The IRB 1200’s 3D vision technology enables it to automatically switch fixtures according to the shape of the medicine box. The robot uses two types of vacuum grippers – one to pick up medicine boxes and the other to handle more delicate medicine glass vials. The robot is also equipped with machine learning capabilities to improve the accuracy of its selection and picking tasks over time. Once the correct medicines have been picked and placed, the IRB 2600 returns the medicine box to its designated shelf. The two robots only pause when all the required medicines have been placed in the basket.
The advantage of automation
Chinese regulations that require only qualified pharmacists to dispense drugs have caused a shortage of trained professionals who can work in pharmacies. This, coupled with a lack of interest in repetitive, boring work such as inventory registration, has made it expensive to run pharmacies manually. ABB analysis shows that repetitive tasks could be completed up to 50 per cent faster with automation, compared to current manual processes, with the added benefit that robots can work 24 hours a day. Instead of spending hours filling up prescriptions, human workers can perform more rewarding tasks that require human judgment.
Drug dispensing robots can also drastically reduce the margin of error that is unavoidable during manual operations. Iimages stored via the 3D vision camera system offers 100 percent traceability of every single medicine that has been processed by the system, thereby enhancing safety of the whole pharmaceutical process.
Finally, the system enables the hospital to conduct real-time drug inventory management. If the robot detects the absence of a drug, the system automatically prompts a re-supply of the required medicines, enabling drugs to be delivered faster to patients.
"The robot pharmacy automation system is a paradigm shift in the healthcare sector and truly represents the Hospital of the Future where humans, supported by automation, can more seamlessly and effectively deliver critical care to patients,“ said Marc Segura, Managing Director, Consumer Segment& Service Robotics at ABB.

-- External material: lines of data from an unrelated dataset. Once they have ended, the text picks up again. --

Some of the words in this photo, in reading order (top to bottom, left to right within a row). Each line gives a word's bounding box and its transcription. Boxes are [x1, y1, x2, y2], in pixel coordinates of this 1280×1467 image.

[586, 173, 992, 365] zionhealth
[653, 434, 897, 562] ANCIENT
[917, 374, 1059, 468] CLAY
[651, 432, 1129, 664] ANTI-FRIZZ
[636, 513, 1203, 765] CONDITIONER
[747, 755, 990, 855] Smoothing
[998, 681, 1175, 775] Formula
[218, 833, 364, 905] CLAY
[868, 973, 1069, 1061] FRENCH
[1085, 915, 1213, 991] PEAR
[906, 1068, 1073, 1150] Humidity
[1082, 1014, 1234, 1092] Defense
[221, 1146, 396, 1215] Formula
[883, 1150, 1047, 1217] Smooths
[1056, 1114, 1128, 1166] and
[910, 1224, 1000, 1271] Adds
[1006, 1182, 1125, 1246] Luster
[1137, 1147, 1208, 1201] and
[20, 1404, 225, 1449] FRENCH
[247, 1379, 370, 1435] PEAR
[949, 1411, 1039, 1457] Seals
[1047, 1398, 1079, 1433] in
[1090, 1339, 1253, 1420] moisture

Flexibility for the future
The compact design and modular nature of the robotic pharmacy enables the setup to move around the the Seventh People’s Hospital according to need. In order to provide patients with efficient diagnosis, treatment, and healthcare services, Shanghai Seventh People’s Hospital is utilizing the latest automation, digital, and smart technologies from ABB to transform the healthcare sector into an efficient, effective industry.
Vice President Gao Xiaoyan added: "At present, we have achieved the automatic dispensing of drugs at the pharmacy, and we plan to use robots to deliver drugs to the inpatient wards, to complete the pharmacy work loop. Additionally, in the hospital's PIVAS (pharmacy intravenous admixture service), medical staff must dispense chemotherapeutic drugs which are harmful to the human body. Moreover, some drugs are only effective within a short period of time after they are dispensed. We will consider using robots to take over these tasks, to protect our staff as well as improve the time-effectiveness and safety of PIVAS."